O primeiro registro do novo conjunto (também o primeiro lançamento do selo de Rubin) viria em 1988, levando apenas o nome do grupo. Curioso é que a edição original nem isso tinha, mostrando apenas um crânio branco (retirado da capa da revista em quadrinhos da Marvel “The Saga of Crystar, Crystal Warrior”, edição 8, e que já havia aparecido em artes de discos do Samhain) sobre um fundo preto. O logo do grupo na parte inferior direita da capa foi acrescido apenas nas edições em CD já nos anos 1990, enquanto as mesmas ainda exibiam o famoso selo de “Parental Advisory”, devido à temática sombria das letras do cantor, o que é curioso, visto as mesmas não conterem palavras de baixo calão, que normalmente são o principal alvo deste tipo de selo. Se as letras chamaram a atenção, a parte musical não ficou para trás. Mesmo com o trabalho da cozinha podendo ser considerado apenas como “correto”, sem muitos destaques apesar da qualidade, os vocais de Glenn e os riffs de John bastam para colocar o álbum como um dos melhores discos de estreia já lançados.

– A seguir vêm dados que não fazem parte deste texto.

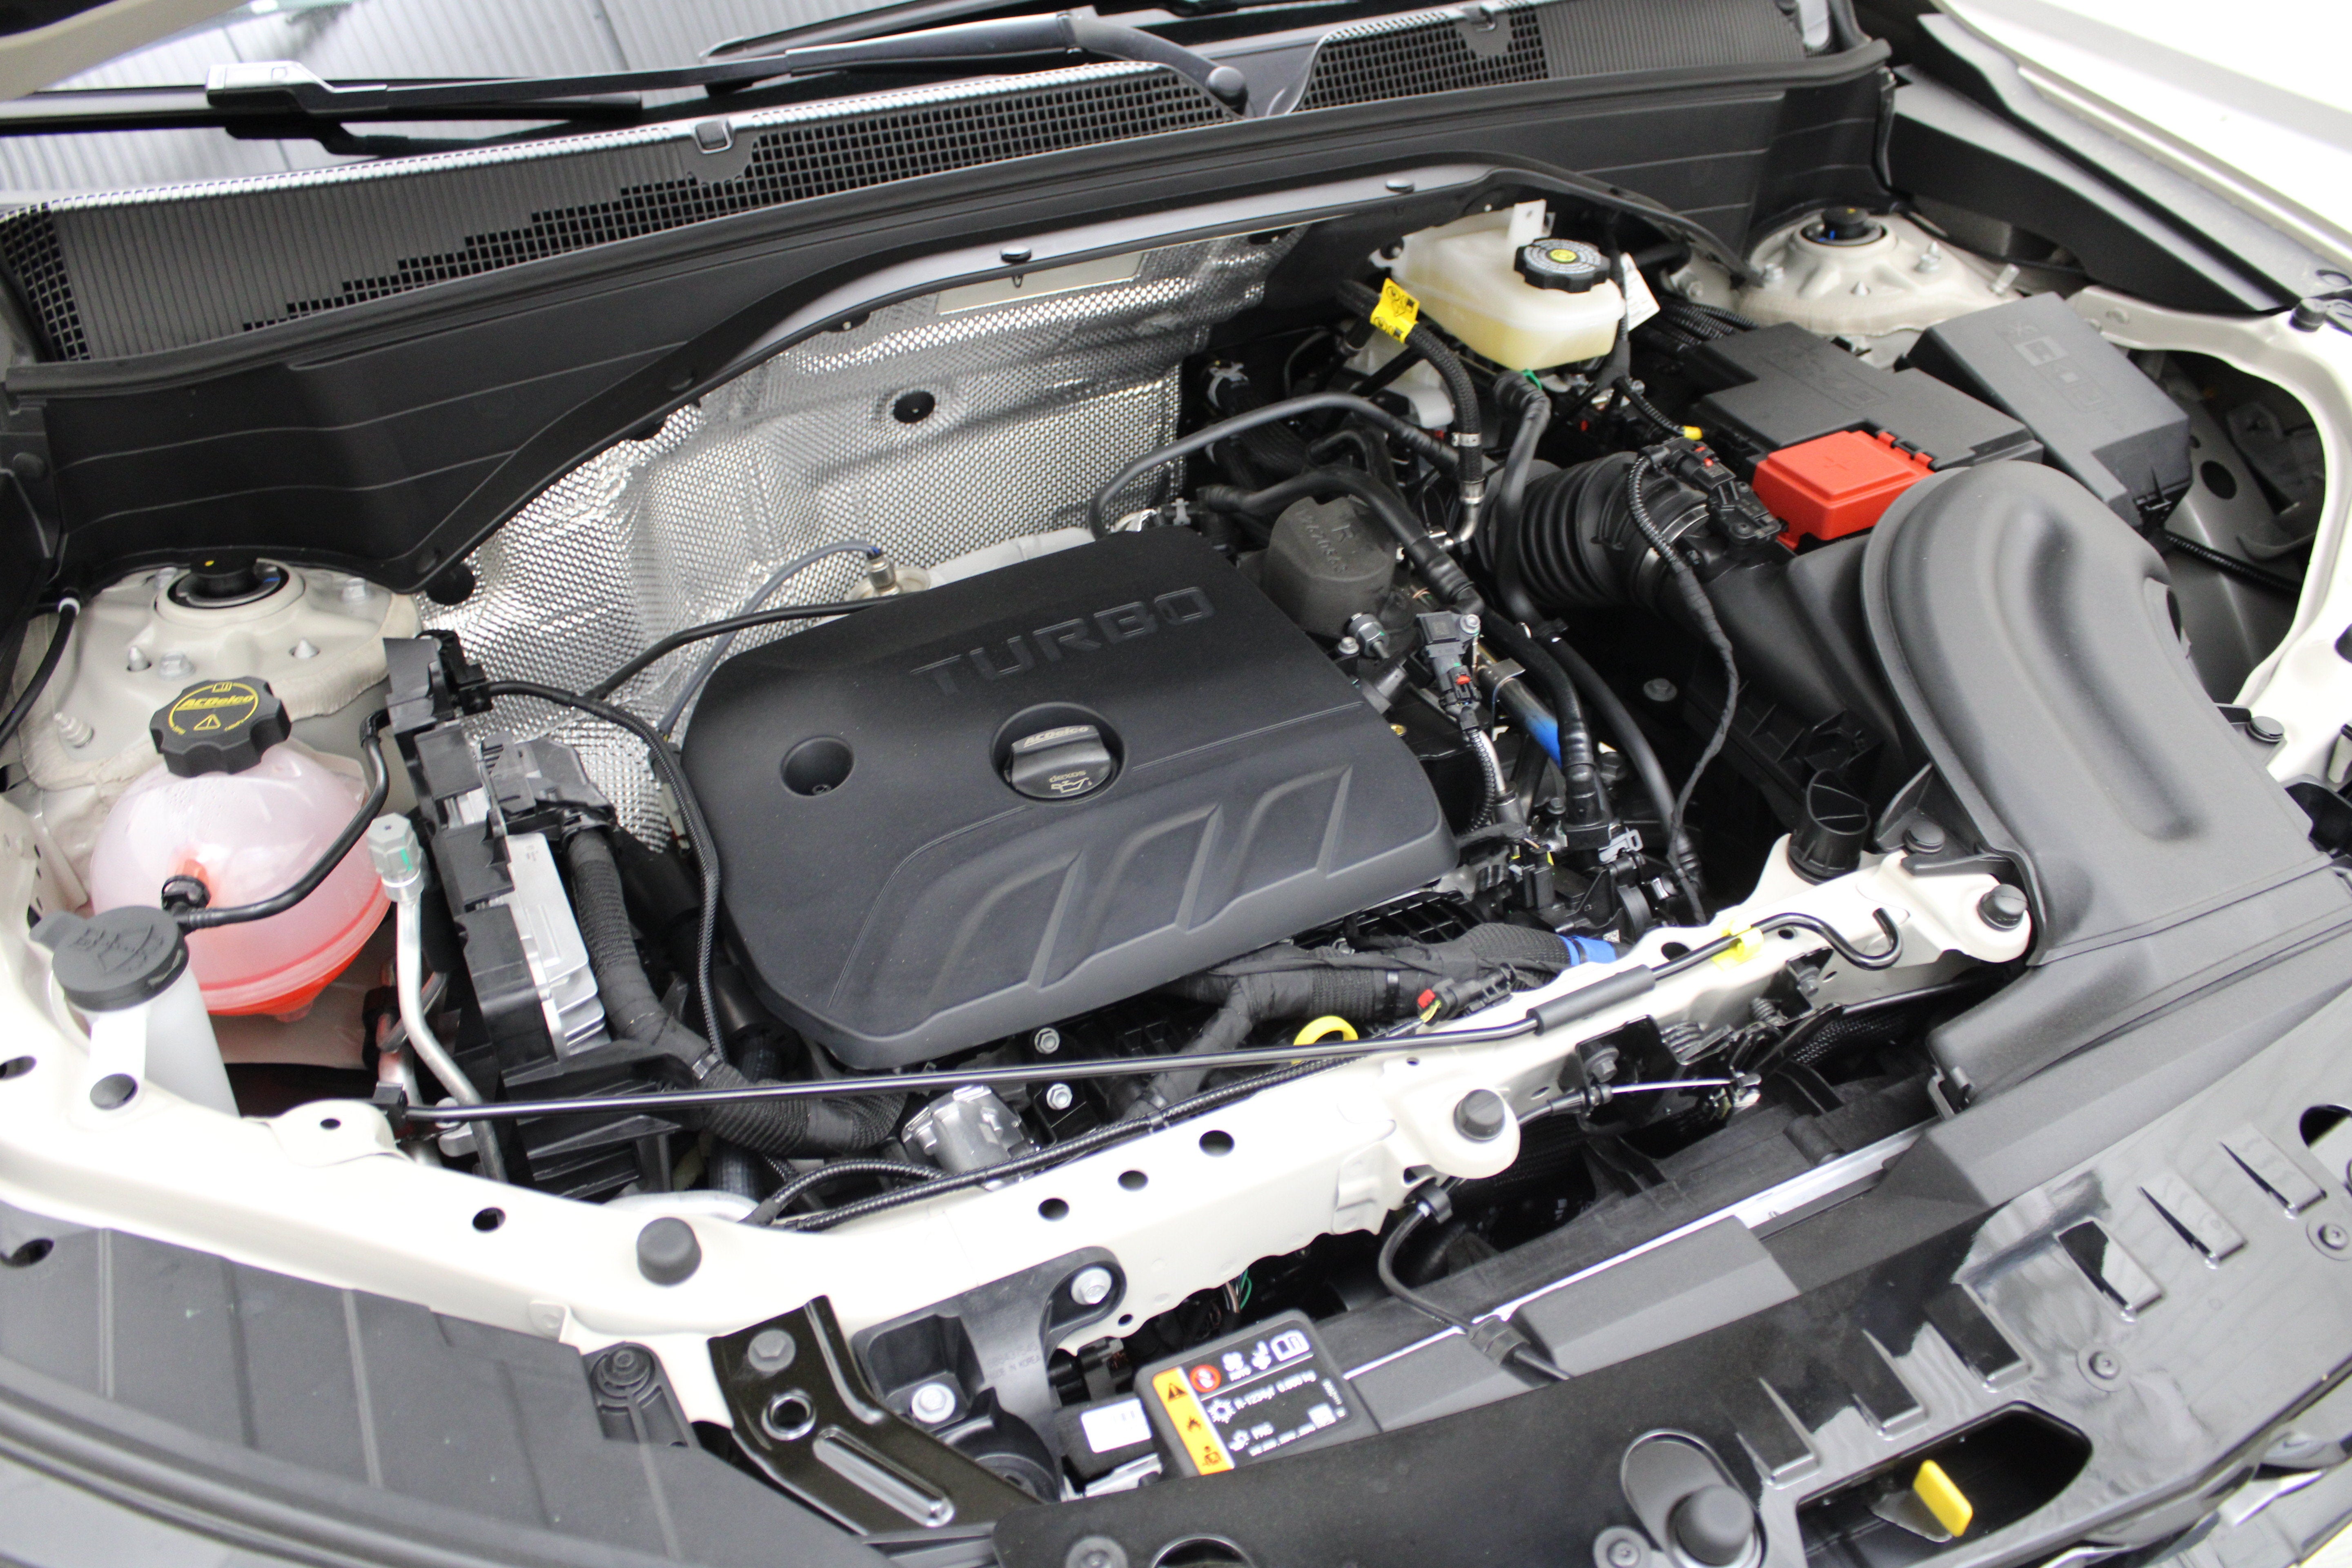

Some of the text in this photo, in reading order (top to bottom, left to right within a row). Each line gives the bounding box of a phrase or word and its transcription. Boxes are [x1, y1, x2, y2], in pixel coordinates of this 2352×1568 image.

[910, 586, 1215, 695] TURBO
[176, 695, 255, 711] ACDelco
[1024, 726, 1089, 748] ACDelco
[1049, 770, 1087, 783] dexos

Pelo menos três faixas essenciais do repertório do grupo foram registradas aqui, sendo que foram lançados vídeos promocionais para todas elas: “Mother“, possivelmente o maior clássico do disco, aparecendo depois em diversas compilações ligadas ao hard rock, em trilhas de filmes (como “Se Beber Não Case-Parte 3″) e jogos de computador (como “Guitar Hero” e “Grand Theft Auto: San Andreas”), e cuja versão ao vivo lançada no EP de 1993 Thrall: Demonsweatlive (e rebatizada como “Mother ’93″) se tornou um hit na MTV, inclusive tocando muito no extinto Fúria Metal da versão brasileira do canal; “Twist of Cain“, cujo marcante riff de guitarra abre os trabalhos do álbum, em uma composição cadenciada e marcada que se tornou uma das preferidas dos fãs da banda, com sua letra baseada na história bíblica dos irmãos Caim e Abel, e que conta com um final em clima apocalíptico; e “Am I Demon“, uma das composições mais velozes do disco (embora nem tão rápida assim), em muito graças ao riff criado por Christ, que conduz a música inteira, explodindo no matador refrão, que parece feito sob medida para ser berrado a todo pulmão pelos fãs presentes aos shows, além de apresentar dois solos técnicos e velozes do guitarrista, onde podemos ouvir um dos pouquíssimos overdubs de guitarra do disco, algo que sempre me chamou a atenção no trabalho deste talentosíssimo músico, que preferia não utilizar este recurso em suas gravações.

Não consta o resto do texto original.